━━━ Extracted records

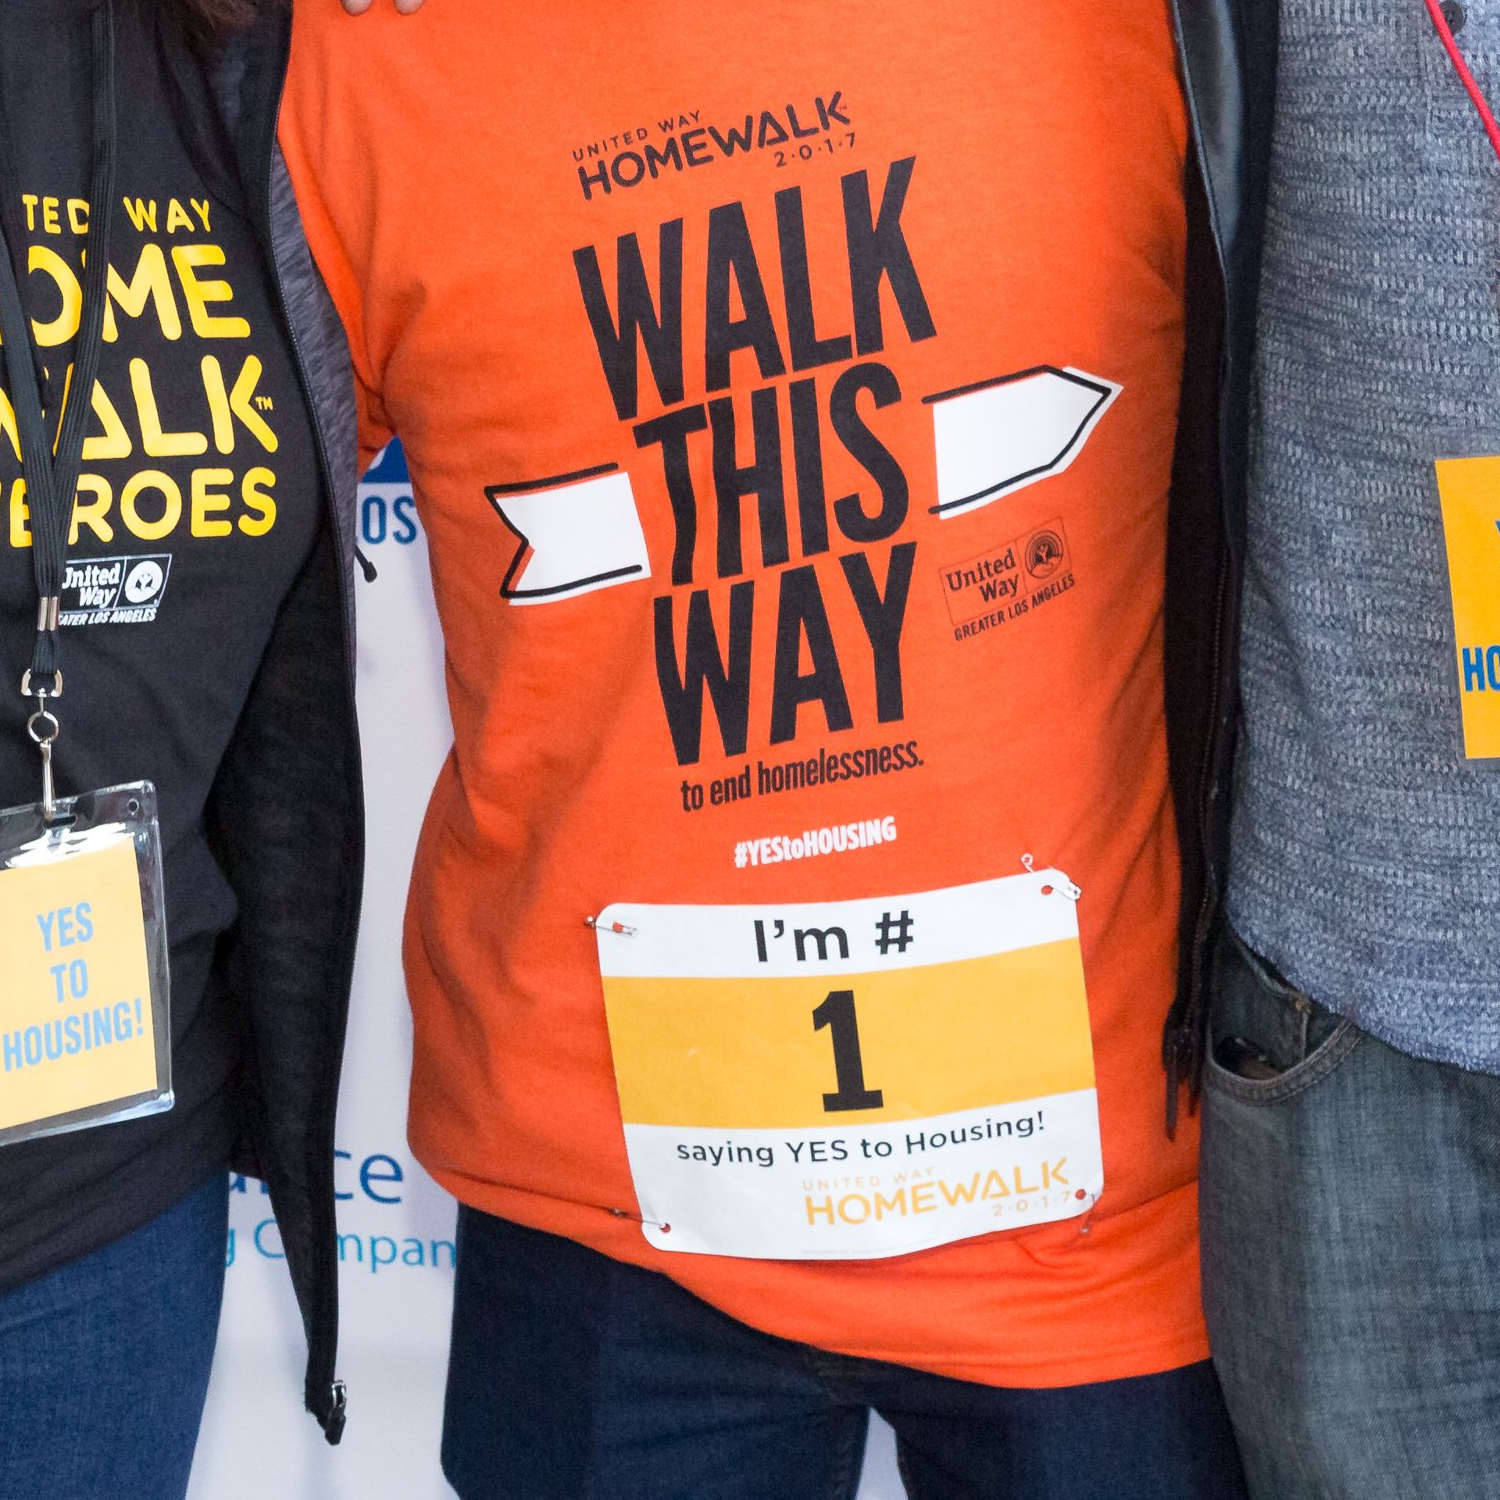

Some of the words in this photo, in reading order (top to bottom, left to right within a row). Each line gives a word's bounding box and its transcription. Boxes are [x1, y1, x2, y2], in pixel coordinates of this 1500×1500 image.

[572, 127, 648, 162] UNITED
[658, 110, 700, 133] WAY
[577, 90, 851, 201] HOMEWALK
[123, 195, 211, 234] WAY
[572, 154, 938, 421] WALK
[632, 362, 911, 586] THIS
[357, 495, 417, 544] OS
[946, 548, 1016, 591] United
[979, 573, 1020, 603] Way
[79, 586, 117, 609] Way
[88, 611, 111, 625] LOS
[110, 607, 157, 624] ANGELES
[954, 610, 1005, 642] GREATER
[1008, 599, 1029, 620] LOS
[1031, 573, 1076, 609] ANGELES
[652, 540, 918, 766] WAY
[680, 780, 704, 812] to
[709, 764, 751, 807] end
[757, 740, 924, 796] homelessness.
[733, 815, 897, 869] #YEStoHOUSING
[36, 901, 94, 953] YES
[49, 958, 89, 1004] TO
[2, 997, 145, 1073] HOUSING!
[811, 989, 885, 1113] 1
[676, 1140, 774, 1168] saying
[785, 1138, 849, 1164] YES
[861, 1137, 894, 1160] to
[905, 1110, 1047, 1156] Housing!
[802, 1175, 881, 1191] UNITED
[893, 1165, 936, 1185] WAY
[804, 1156, 1070, 1226] HOMEWALK
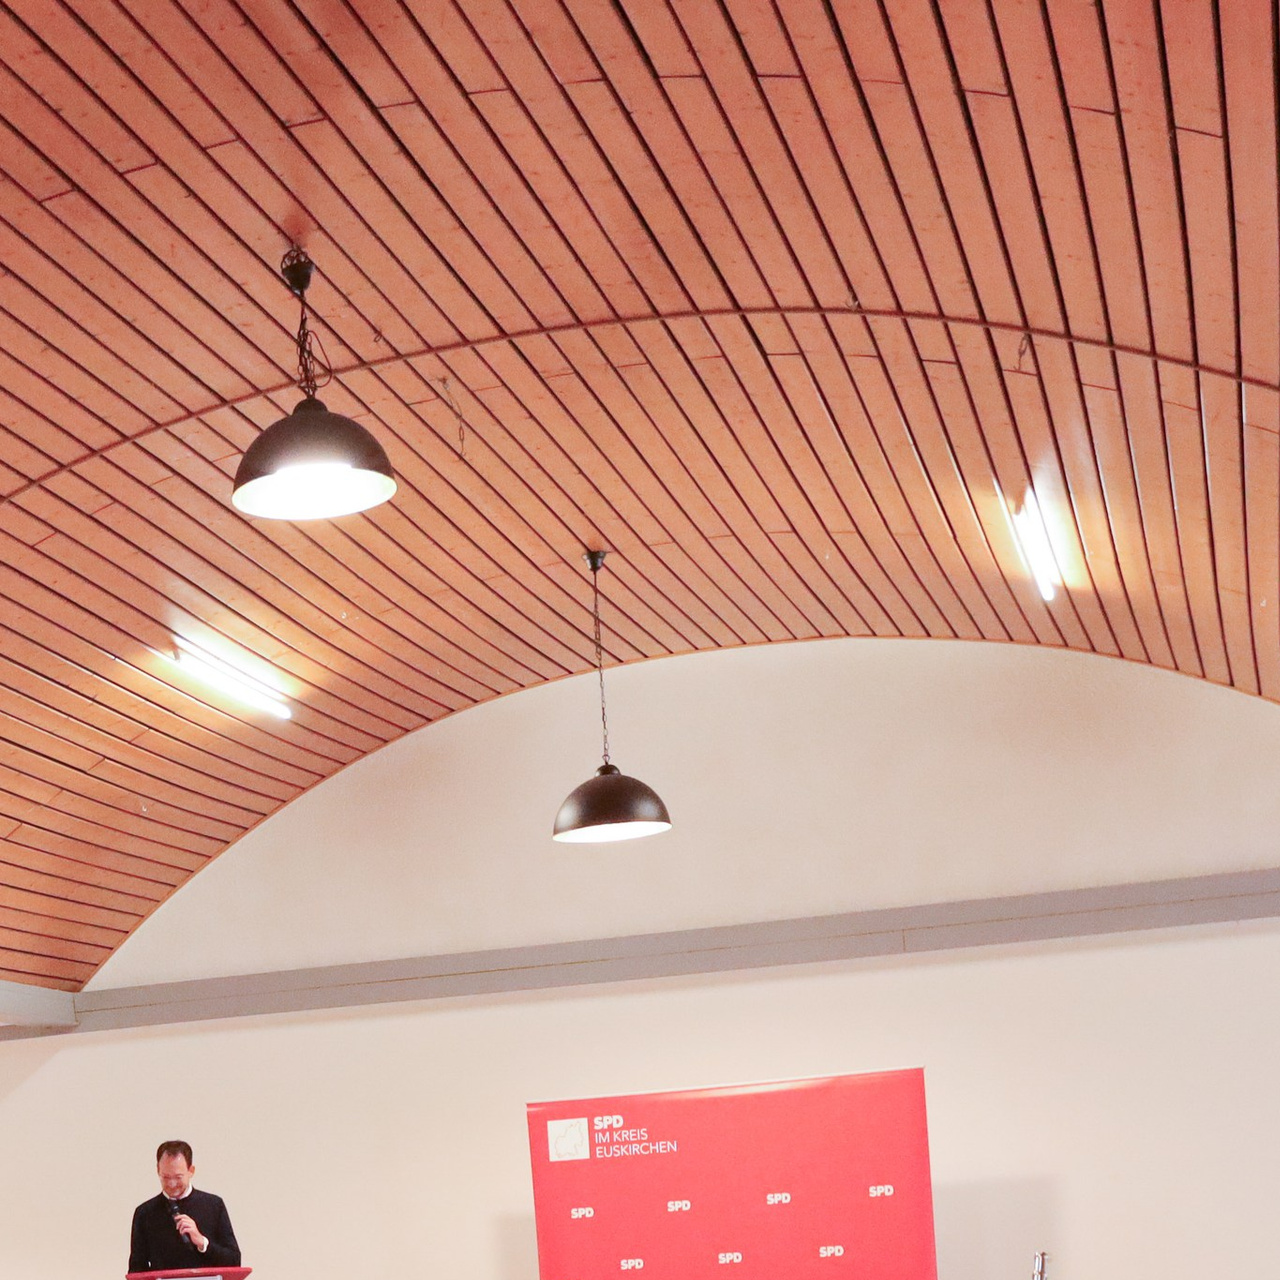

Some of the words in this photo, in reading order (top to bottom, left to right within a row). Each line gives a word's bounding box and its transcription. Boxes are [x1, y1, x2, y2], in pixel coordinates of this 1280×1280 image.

[594, 1115, 624, 1130] SPD
[595, 1131, 610, 1144] IM
[613, 1128, 648, 1142] KREIS
[596, 1140, 678, 1158] EUSKIRCHEN
[868, 1185, 894, 1197] SPD
[767, 1193, 791, 1204] SPD
[667, 1200, 691, 1212] SPD
[571, 1207, 594, 1219] SPD
[820, 1246, 844, 1257] SPD
[719, 1252, 742, 1264] SPD
[620, 1259, 644, 1270] SPD
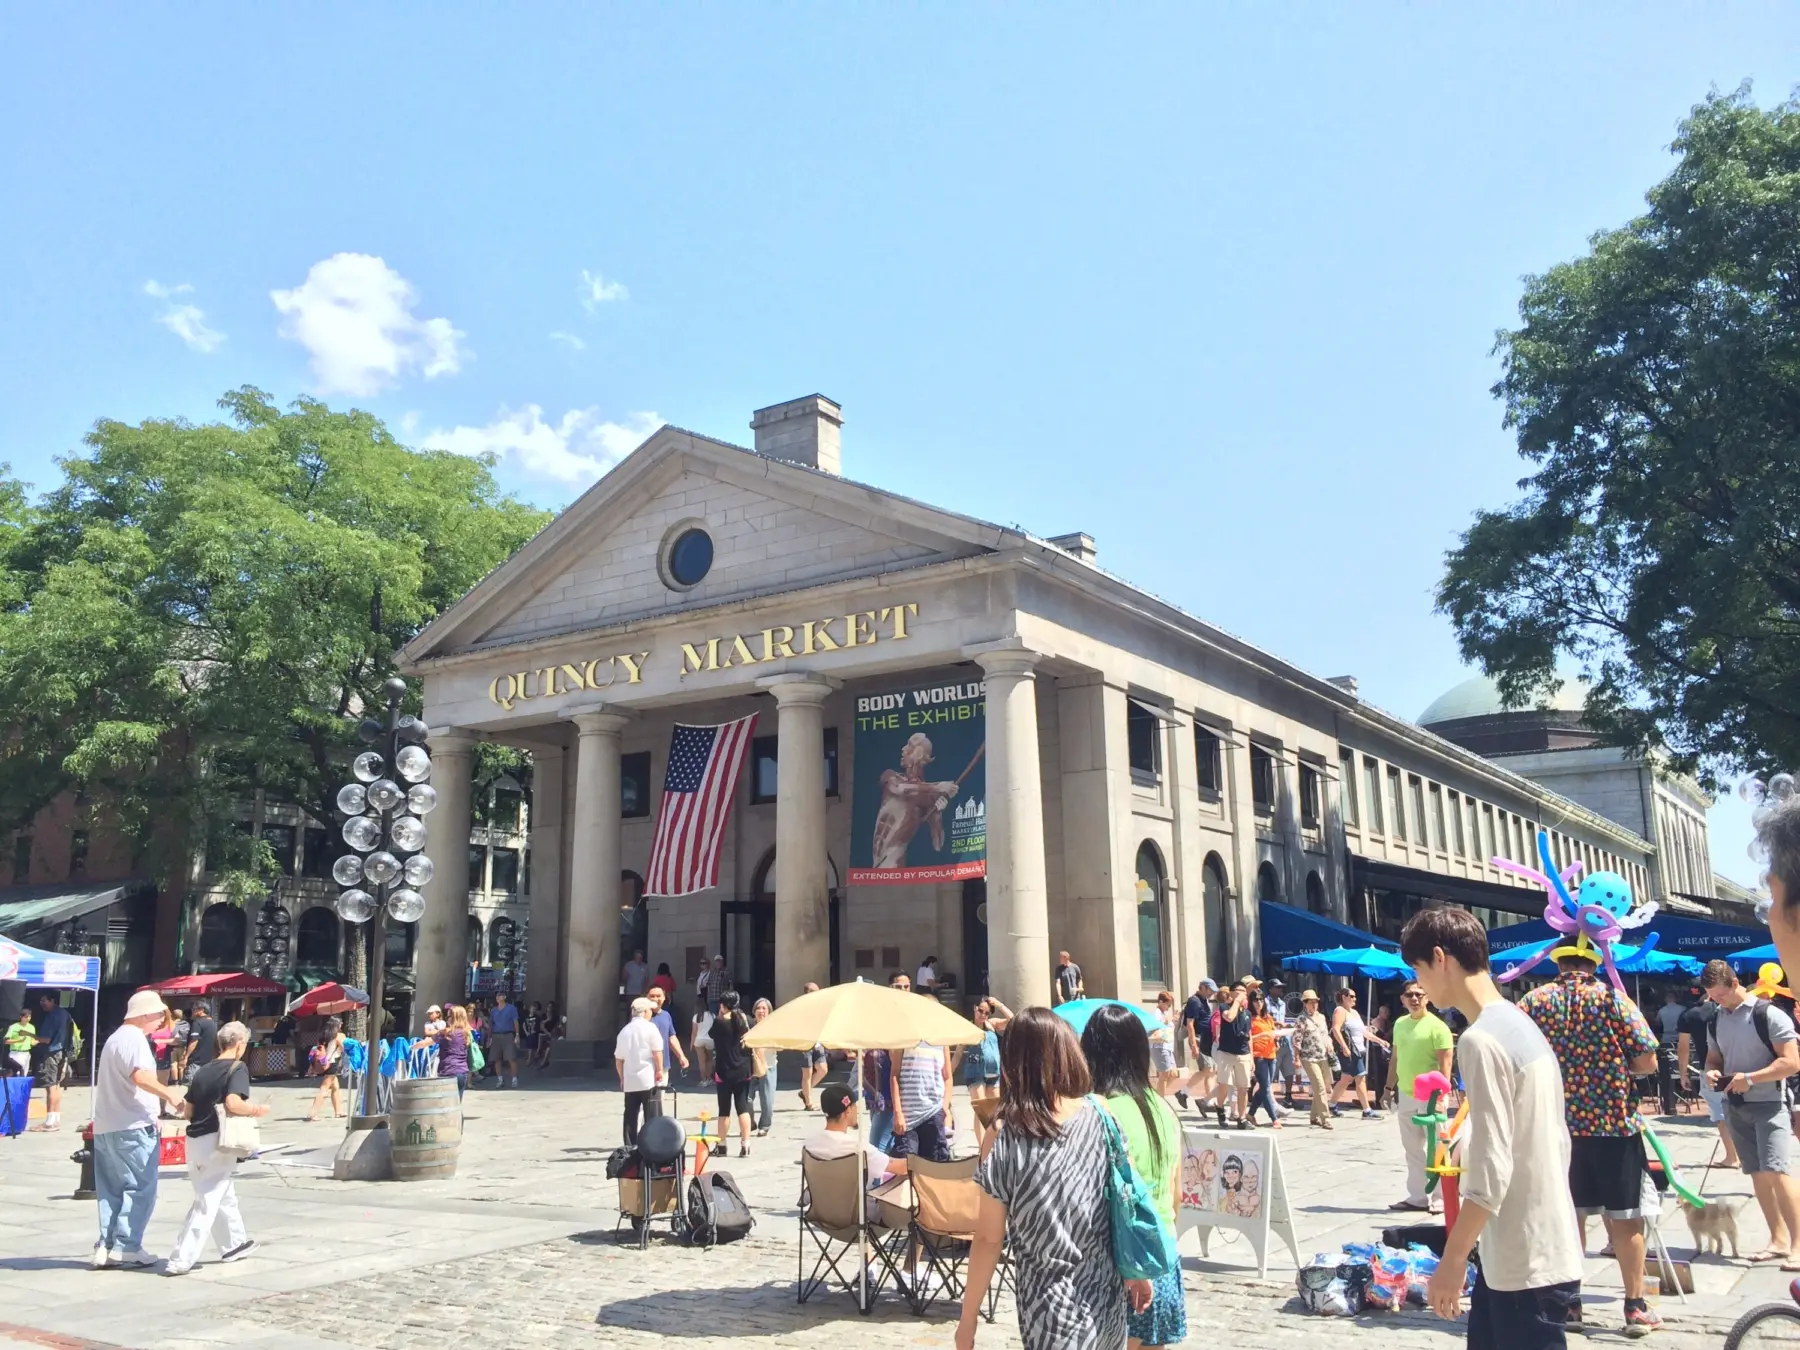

━━━━━━

● **Description of the task**
The data above must be written out again without alteration, and the pictures in them must be excluded.

● **Answer section**
Some of the words in this photo, in reading order (top to bottom, left to right within a row). Each line gives a word's bounding box and its transcription. Boxes are [x1, y1, x2, y2], in pixel coordinates of this 1500×1500 image.

[572, 127, 648, 162] UNITED
[658, 110, 700, 133] WAY
[577, 90, 851, 201] HOMEWALK
[123, 195, 211, 234] WAY
[572, 154, 938, 421] WALK
[632, 362, 911, 586] THIS
[357, 495, 417, 544] OS
[946, 548, 1016, 591] United
[979, 573, 1020, 603] Way
[79, 586, 117, 609] Way
[88, 611, 111, 625] LOS
[110, 607, 157, 624] ANGELES
[954, 610, 1005, 642] GREATER
[1008, 599, 1029, 620] LOS
[1031, 573, 1076, 609] ANGELES
[652, 540, 918, 766] WAY
[680, 780, 704, 812] to
[709, 764, 751, 807] end
[757, 740, 924, 796] homelessness.
[733, 815, 897, 869] #YEStoHOUSING
[36, 901, 94, 953] YES
[49, 958, 89, 1004] TO
[2, 997, 145, 1073] HOUSING!
[811, 989, 885, 1113] 1
[676, 1140, 774, 1168] saying
[785, 1138, 849, 1164] YES
[861, 1137, 894, 1160] to
[905, 1110, 1047, 1156] Housing!
[802, 1175, 881, 1191] UNITED
[893, 1165, 936, 1185] WAY
[804, 1156, 1070, 1226] HOMEWALK

Some of the words in this photo, in reading order (top to bottom, left to right within a row). Each line gives a word's bounding box and its transcription. Boxes are [x1, y1, x2, y2], in pixel coordinates of this 1280×1280 image.

[594, 1115, 624, 1130] SPD
[595, 1131, 610, 1144] IM
[613, 1128, 648, 1142] KREIS
[596, 1140, 678, 1158] EUSKIRCHEN
[868, 1185, 894, 1197] SPD
[767, 1193, 791, 1204] SPD
[667, 1200, 691, 1212] SPD
[571, 1207, 594, 1219] SPD
[820, 1246, 844, 1257] SPD
[719, 1252, 742, 1264] SPD
[620, 1259, 644, 1270] SPD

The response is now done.